Naturally Fermented Sourdough Bagels with Heritage Flour
If you asked me what my favorite foods were growing up, bagels would definitely be up there. On weekends, my family would pick up fresh bagels, and I’d pile mine high with cream cheese. I never would’ve thought years later I’d be making my own from scratch.
Not to say all store-bought bagels are this way, but many are made with enriched, bleached flour, preservatives, and bioengineered ingredients. And if you have a local bakery that makes them fresh the traditional way, support them! But if you want to make them at home, this recipe is such a good place to start.
I made these sourdough bagels using organic heritage bread flour from Sunrise Flour Mill. It’s milled from pre-1950s wheat varieties, before modern hybridization, which gives it a deeper flavor and makes it easier for many people to digest. It’s freshly milled, more nutrient-dense, and perfect for sourdough. If you’re going to take the time to make bagels from scratch, starting with really good flour makes all the difference.
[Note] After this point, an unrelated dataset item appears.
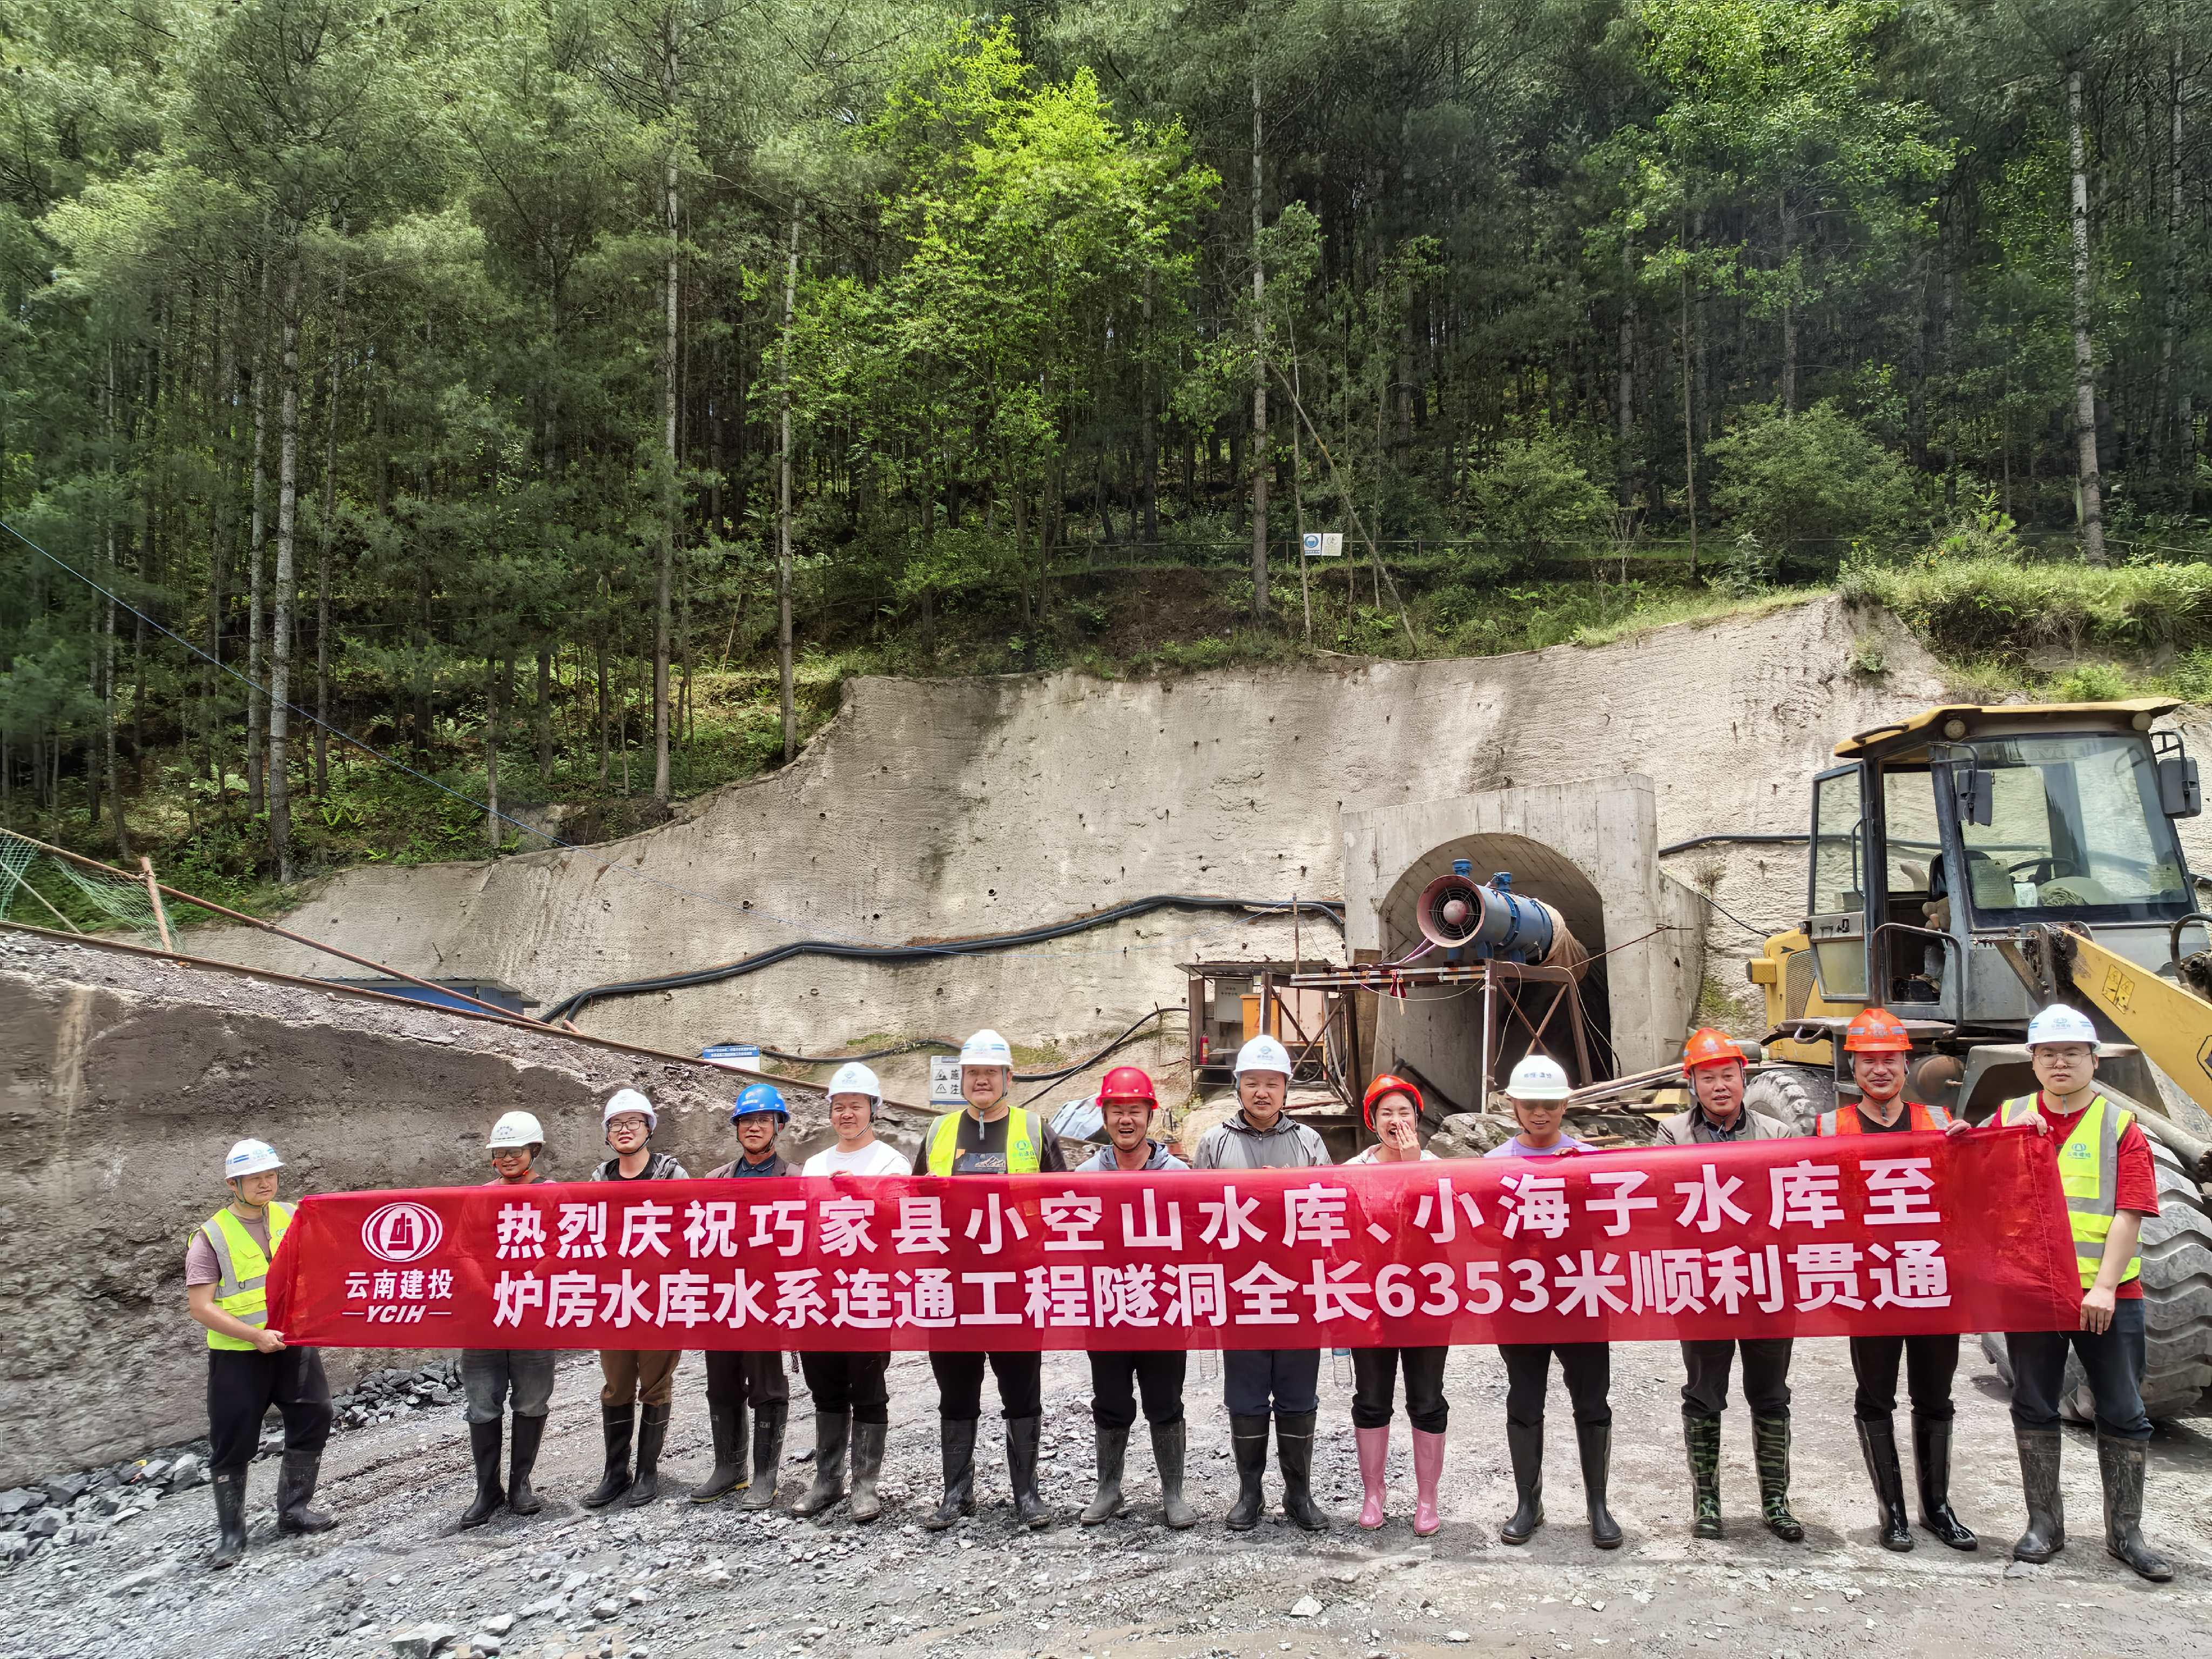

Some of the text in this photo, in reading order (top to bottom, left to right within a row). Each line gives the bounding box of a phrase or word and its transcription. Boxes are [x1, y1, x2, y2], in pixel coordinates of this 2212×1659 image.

One of the reasons I love making bagels this way is the fermentation. A true sourdough process gives the dough time to slowly ferment, which helps break down some of the gluten and phytic acid naturally present in grains. That slower rise not only develops better flavor and texture, but many people find it gentler on digestion compared to quick-rise commercial yeast breads.
Ingredient highlight
Heritage Flour from Sunrise Flour Mill
For these bagels, I used organic heritage bread flour from Sunrise Flour Mill.
What makes this mill unique is their commitment to preserving older wheat varieties and milling them fresh without bleaching or bromating. Their flour is never enriched or stripped and then “added back” with synthetic vitamins; it’s simply whole, traditionally grown wheat that’s carefully stone-milled for optimal texture and performance.
Because the grain hasn’t been hybridized the same way modern wheat has, the flavor is noticeably richer and more complex. It performs beautifully in long-fermented sourdough recipes, creating that chewy structure you want in a bagel without feeling overly dense.
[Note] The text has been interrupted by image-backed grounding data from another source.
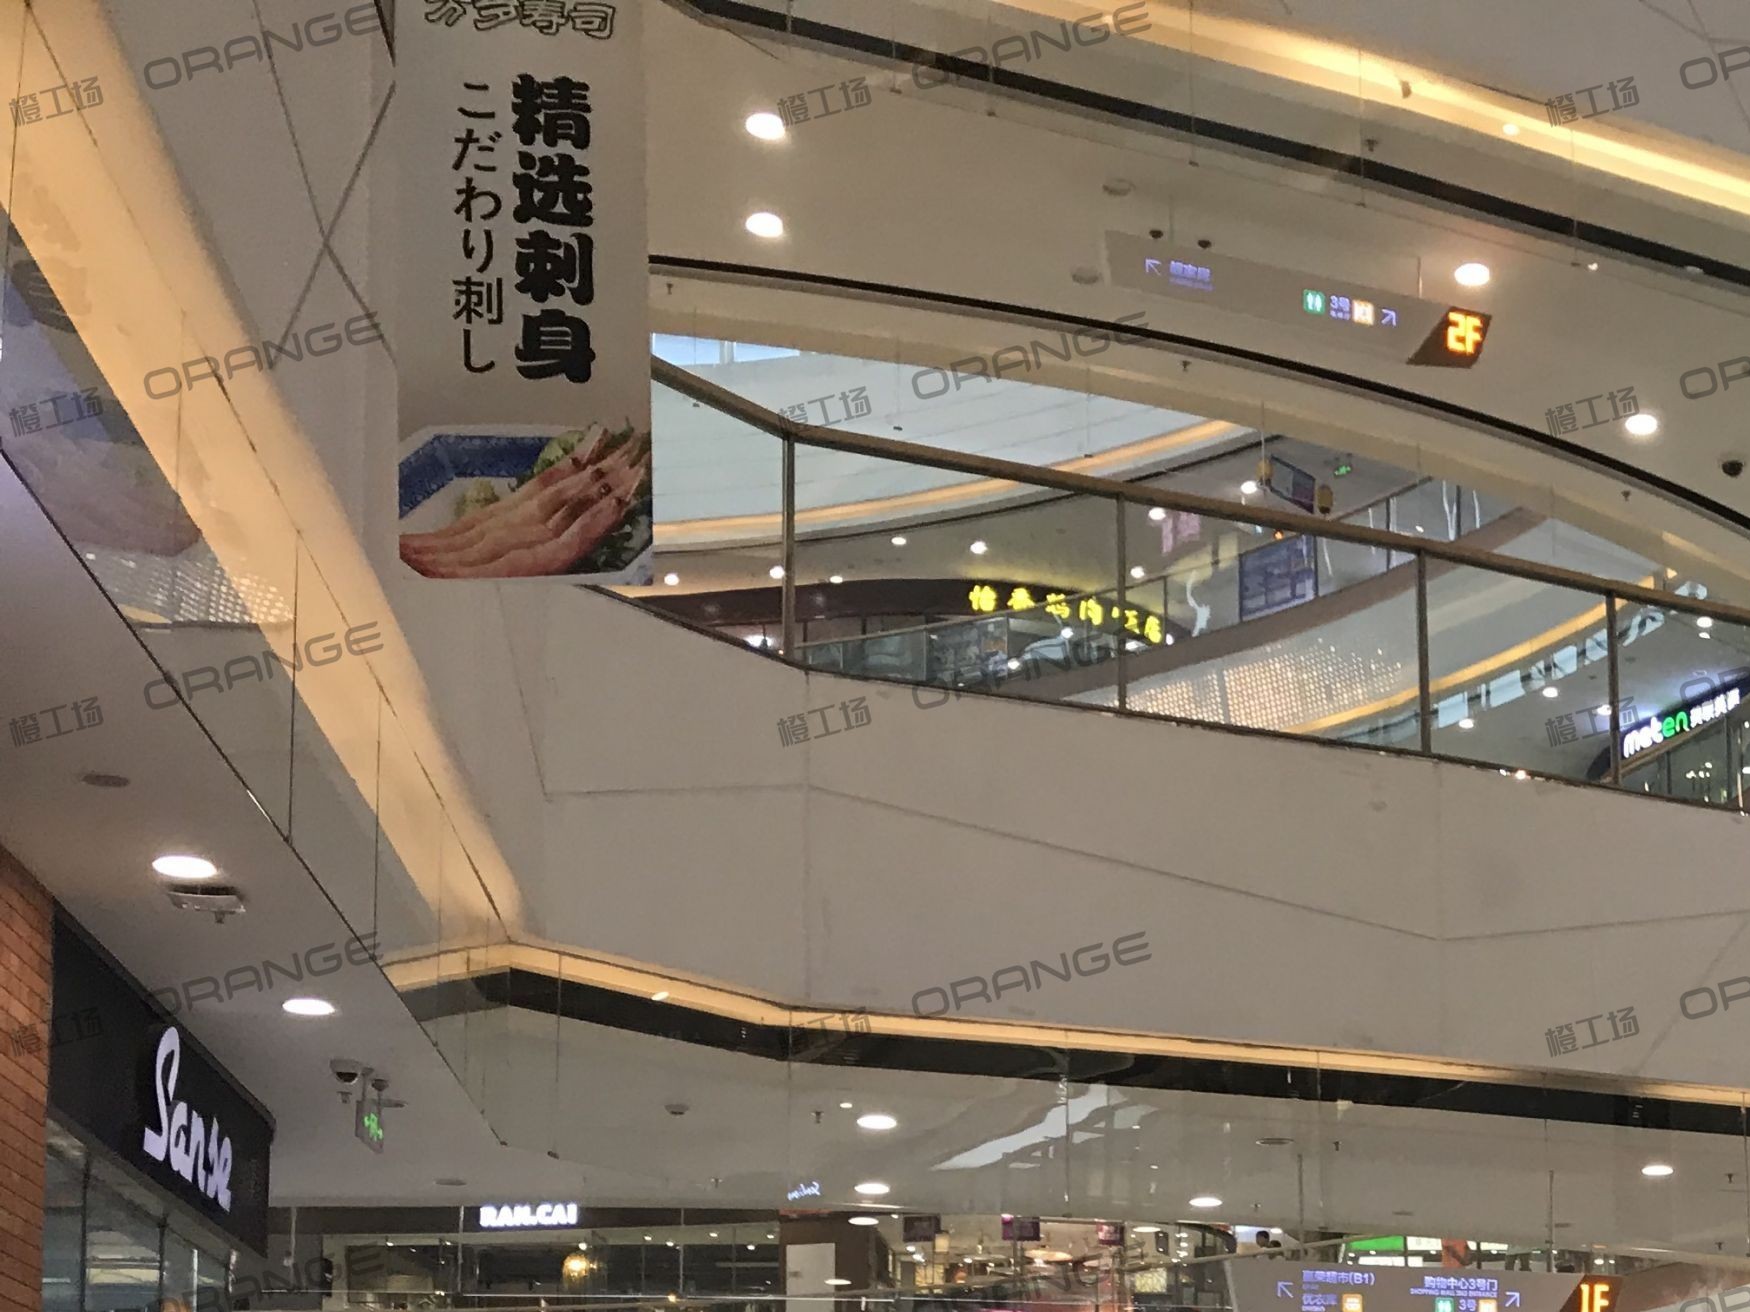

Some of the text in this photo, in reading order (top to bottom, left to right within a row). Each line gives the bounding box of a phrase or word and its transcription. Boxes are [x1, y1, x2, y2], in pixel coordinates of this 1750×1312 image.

[452, 82, 503, 374] こだわり刺し
[511, 73, 596, 384] 精选刺身
[1446, 312, 1482, 355] 2F
[1623, 710, 1690, 758] meten
[1423, 1275, 1498, 1291] 购物中心3号门
If you want to try their flour, my link gets you 20% off!

How I love to eat them
I love eating these sourdough bagels just as they are, toasted with a thick layer of butter or cream cheese. But my favorite way to use them? Breakfast sandwiches.
They’re sturdy enough to hold eggs, cheese, and sausage without falling apart, and the chewy sourdough texture makes them so much better than anything store-bought. If you want the full recipe for how I build mine, I shared it in a separate post here:

Bagel Flavor Varieties
- Jalapeño cheddar
- Caramelized onion & gouda
- Cinnamon raisin
- Chocolate chip
- Everything bagel seasoning

Naturally Fermented Sourdough Bagels with Heritage Flour
Ingredients
- 300 g water
- 125 g active sourdough starter
- 20 g raw honey
- 10 g salt
- 500 g heritage bread flour
- 1 egg whisked (for egg wash)
- Everything bagel seasoning
Instructions
Mix the Dough
- In a stand mixer fitted with a dough hook (or a large bowl), combine water, active sourdough starter, honey, and salt. Add the bread flour and mix until a smooth dough forms.
Bulk Fermentation
- Cover and let the dough rise at room temperature until doubled in size. During this time, perform 2–3 sets of stretch and folds to strengthen the dough.
Cold Ferment
- Refrigerate the dough for a few hours or overnight for deeper flavor and easier shaping.
Shape the Bagels
- Divide the dough into 6 equal pieces (about 160g each). Roll each piece into a ball, then poke a hole through the center and gently stretch to form a ring.
Second Rise
- Let the shaped bagels rise at room temperature until fluffy and slightly puffy, about 1–2 hours.
Boil
- Bring a large pot of water to a boil. Boil each bagel for 1 minute per side. Remove with a slotted spoon and place on a lined baking sheet.
Egg Wash & Season
- Brush the tops with whisked egg and sprinkle generously with everything bagel seasoning.
Bake
- Bake at 425°F for 25 minutes, or until golden brown.
Cool
- Cool completely on a wire rack before slicing.
Notes
- Make sure your sourdough starter is active and bubbly before mixing the dough.
- For extra chew, you can add 1 tablespoon of honey or baking soda to the boiling water.
- Bagels freeze well — slice before freezing for easy toasting.
- Longer cold fermentation will deepen the flavor.